Habitat para a Humanidade (HPH) ist eine weltweit agierende Nichtregierungsorga-nisation, die Häuser für Bedürftige baut. Dies soll, wenn möglich, mit den zukünftigen Hausbesitzern erfolgen und so die Finanzierung erleichtern und dafür sorgen, dass die Häuser nicht weiterverkauft werden.

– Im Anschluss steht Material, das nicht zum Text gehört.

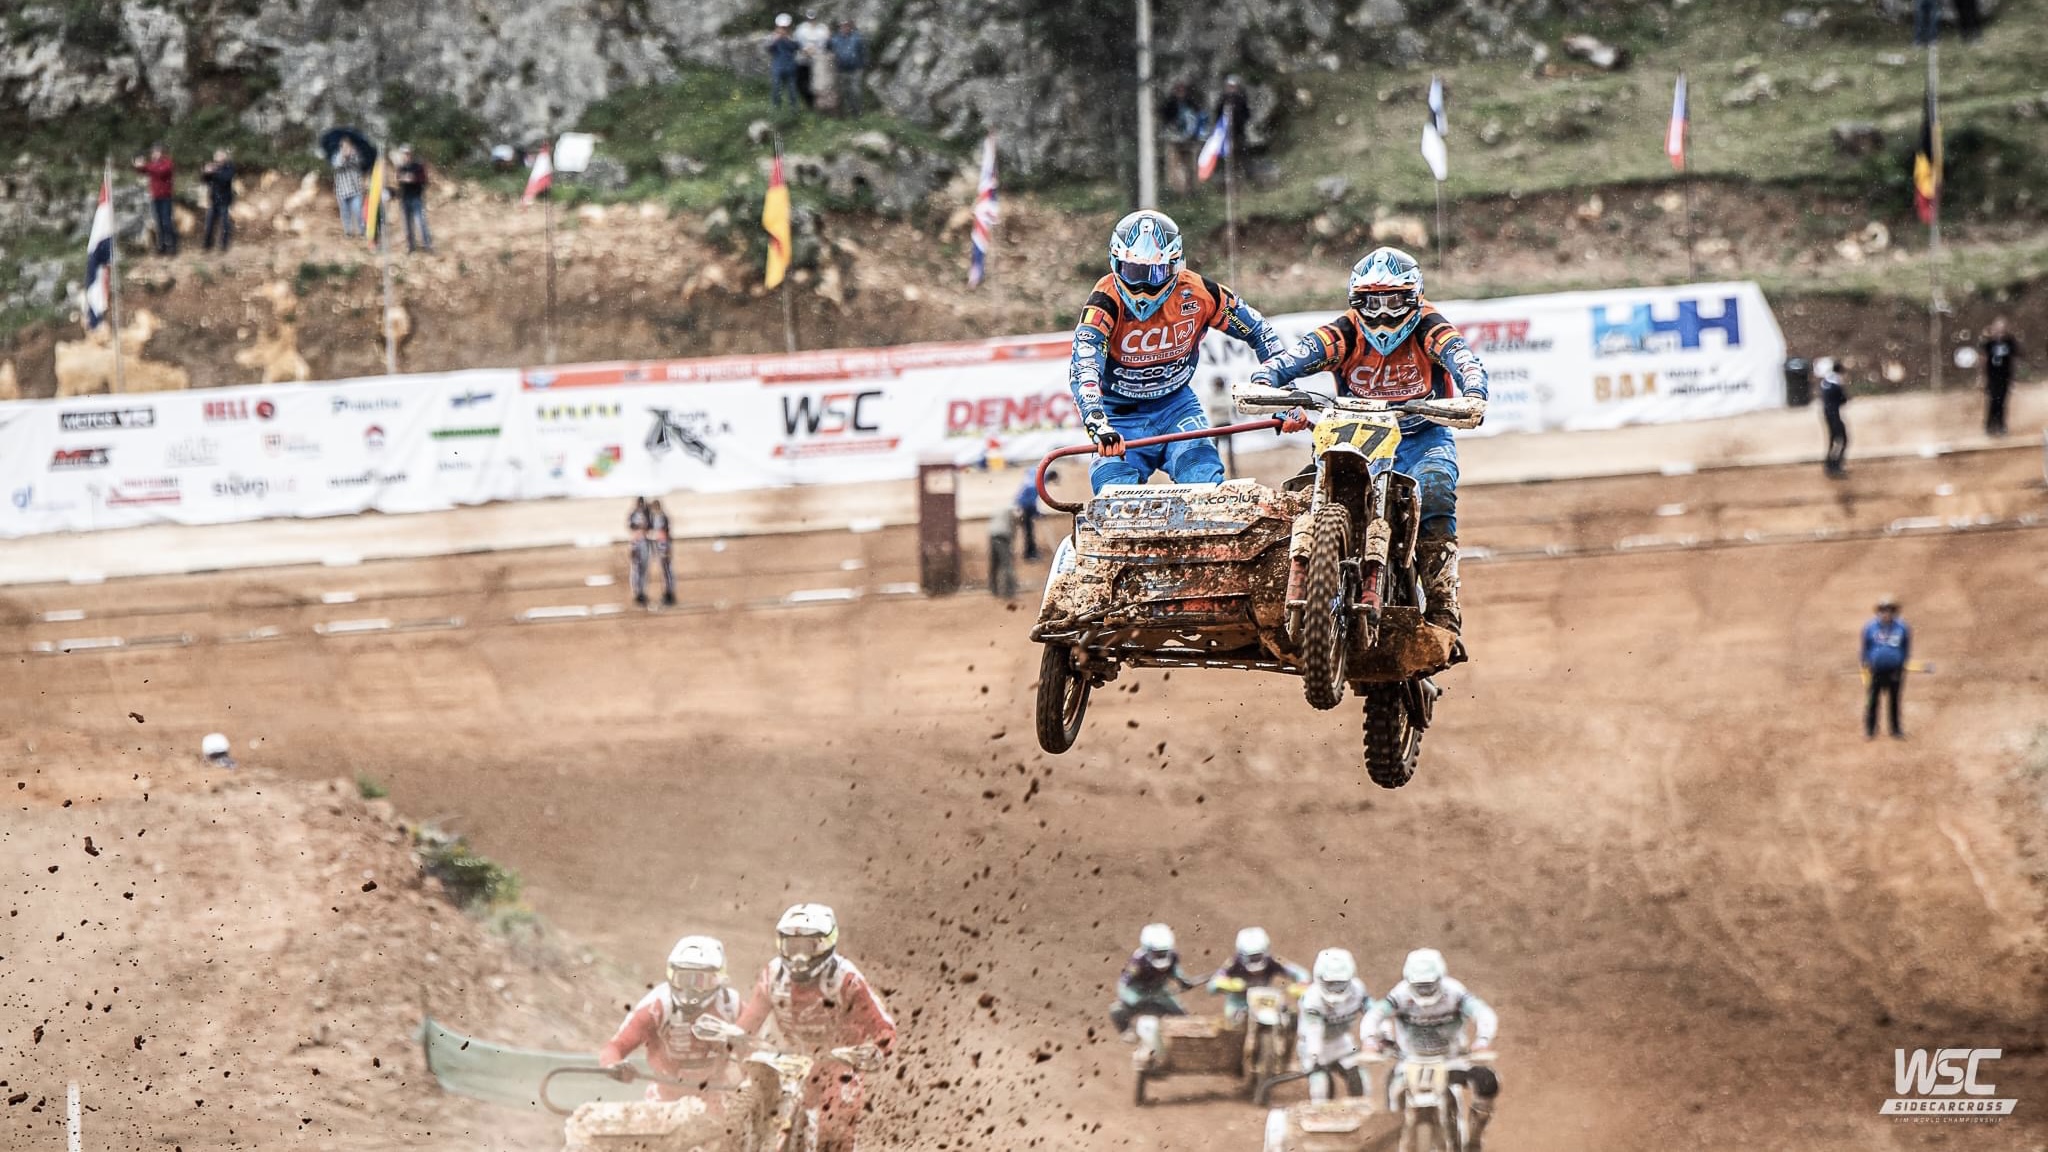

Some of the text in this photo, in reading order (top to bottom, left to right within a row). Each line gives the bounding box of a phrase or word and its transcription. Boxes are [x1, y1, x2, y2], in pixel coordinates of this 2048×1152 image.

[1121, 326, 1173, 354] CCL
[781, 390, 883, 435] WSC
[1330, 422, 1392, 457] 17

Mein Dienst in Brasilien hat im September 2009 begonnen. Gemeinsam mit zwei weiteren Deutschen Freiwilligen, die über den Verein für Soziale Dienste International e.V. vermittelt wurden, besuchte ich im ersten Monat morgens einen weiterführenden Sprachkurs portugiesisch und lernte nachmittags im Büro von Habitat in Recife die Arbeit der Organisation kennen und half Dokumente zu archivieren und Tabellen anzulegen. Aufgrund der Sprachbarriere waren unsere Kompetenzen jedoch eingeschränkt. Wir wurden vom Personal herzlich willkommen geheißen und man kümmerte sich gut um uns. Eine Unterkunft wurde von einem Mitarbeiter Habitats für uns vermittelt.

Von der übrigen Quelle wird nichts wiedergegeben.